Does Tax Software Find All Your Deductions?
TurboTax, Wealthsimple Tax, and H&R Block Online are genuinely good tools for filing your Canadian tax return. They are accurate, inexpensive or free, and walk you through the process step by step. But there is one thing they are not designed to do: find the money you forgot to mention.
How Tax Filing Software Actually Works
Tax filing software is built around a simple principle: you provide the information, and it calculates the tax correctly. It will ask you a series of questions — did you work from home? Do you have children? Did you make RRSP contributions? — and then apply the right CRA rules to whatever you answer.
This model works well if you know exactly what happened in your financial life last year and you know which questions to pay attention to. The problem is that most people do not know every deduction and credit they might qualify for. And the software cannot know what you have not told it about.
If you moved for work but did not think to mention it, TurboTax will not ask. If you paid for your child's therapy and did not realize it qualifies as a medical expense, Wealthsimple will not flag it.
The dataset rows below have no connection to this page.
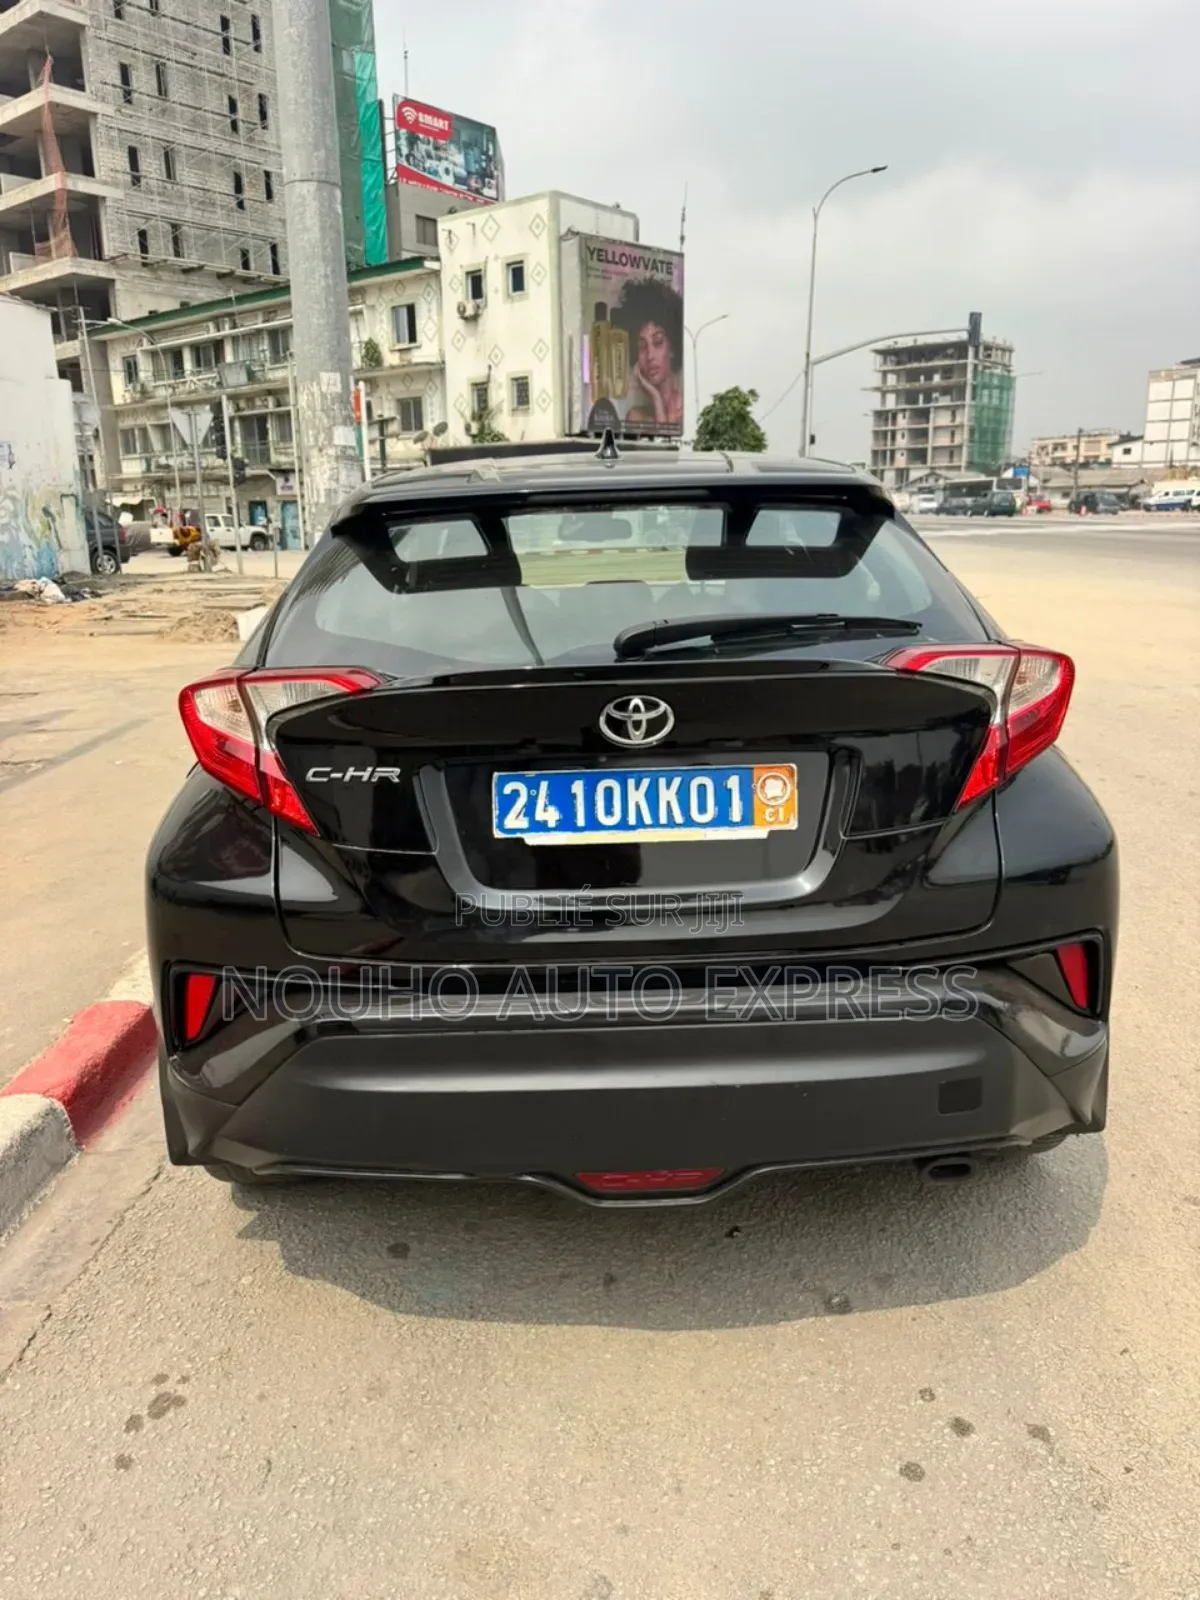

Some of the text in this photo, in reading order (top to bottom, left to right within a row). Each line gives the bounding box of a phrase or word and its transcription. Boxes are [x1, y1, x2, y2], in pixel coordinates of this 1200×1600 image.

[586, 245, 673, 275] YELLOWVATE
[305, 766, 401, 783] C-HR
[503, 774, 743, 829] 2410KK01
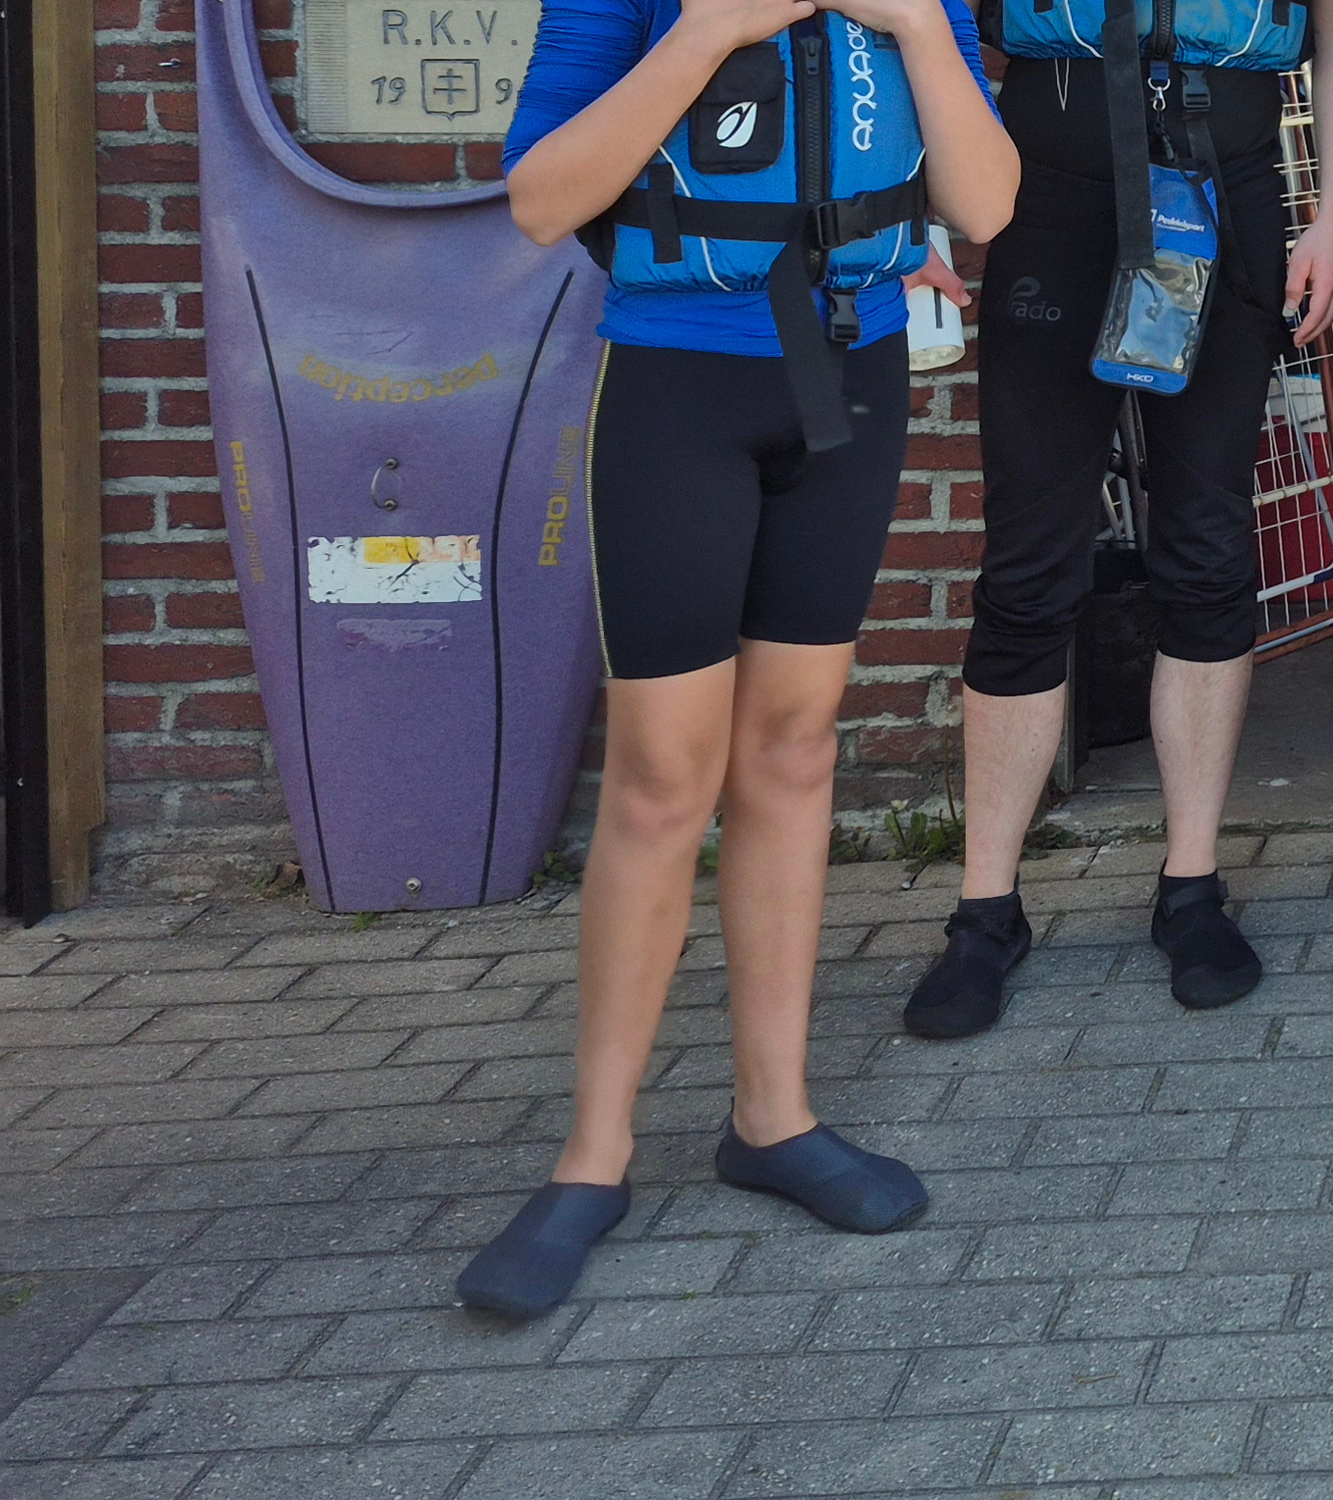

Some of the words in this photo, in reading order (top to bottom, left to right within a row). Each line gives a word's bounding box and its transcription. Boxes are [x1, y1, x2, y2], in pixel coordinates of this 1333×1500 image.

[381, 9, 518, 47] R.K.V.
[371, 75, 407, 105] 19
[495, 77, 516, 105] 9
[299, 352, 499, 403] perception
[538, 425, 583, 567] PROLINE
The software is reactive, not proactive.
The Gap Between “Filed Correctly” and “Optimized”
There is an important distinction between a return that is correct and a return that is optimized. A correct return accurately reports what you told the software. An optimized return captures everything you are actually entitled to claim.
According to H&R Block's own research, roughly half of Canadian taxpayers file returns that miss something. The average missed amount is around $2,900. These are not errors — the returns are accurate — they are simply incomplete because the filer did not know to claim certain items.
This is not a criticism of the software. It is a structural limitation of any tool that relies on the user to know what to input. The software cannot see your life — only what you choose to share.
Common Deductions Tax Software Misses
These are the credits and deductions that most commonly fall through the cracks when people file on their own — not because the software cannot handle them, but because filers forget to bring them up:
- Medical expenses for dependants — Expenses paid for parents, grandparents, or adult children with disabilities are claimable, but people often only think of their immediate household.
- Work-from-home detailed method — Most people take the flat rate ($2/day) without calculating whether the detailed method, based on actual rent and utilities, would be significantly larger.
- Moving expenses — Claimable if you moved 40+ km closer to work or school. People forget about temporary storage, hotel stays during the move, and lease cancellation fees.
- Union and professional dues — Fully deductible, but sometimes not itemized on a T4 and easy to forget.
- Canada Training Credit — A newer credit (introduced 2020) that accumulates at $250/year. Many Canadians have never heard of it.
- Interest on student loans — Only government student loans qualify, but the credit is non-refundable and can be carried forward five years. Graduates often forget to keep claiming it.
- Carrying charges and investment expenses — Management fees paid outside of registered accounts, interest on loans used to earn investment income, and certain advisory fees are deductible.
None of these require special expertise to claim. They just require knowing they exist — which is the part that tax filing software does not reliably provide.
The Smart Approach: File Yourself, Then Check
You do not need to abandon the software you already use or hire a professional for your entire return. The smarter approach is to file as you normally would — using whatever free or paid tool you prefer — and then review your completed return against the full range of deductions and credits available to you.
Filing your own taxes keeps you in control, costs little or nothing, and is entirely appropriate for the vast majority of Canadians. The missing piece is the audit step: comparing your completed return against your actual situation to see what got missed.
And if you find something? Under CRA rules, you can amend your return for the past 10 years. The missed deductions from 2022 or 2019 are still claimable today.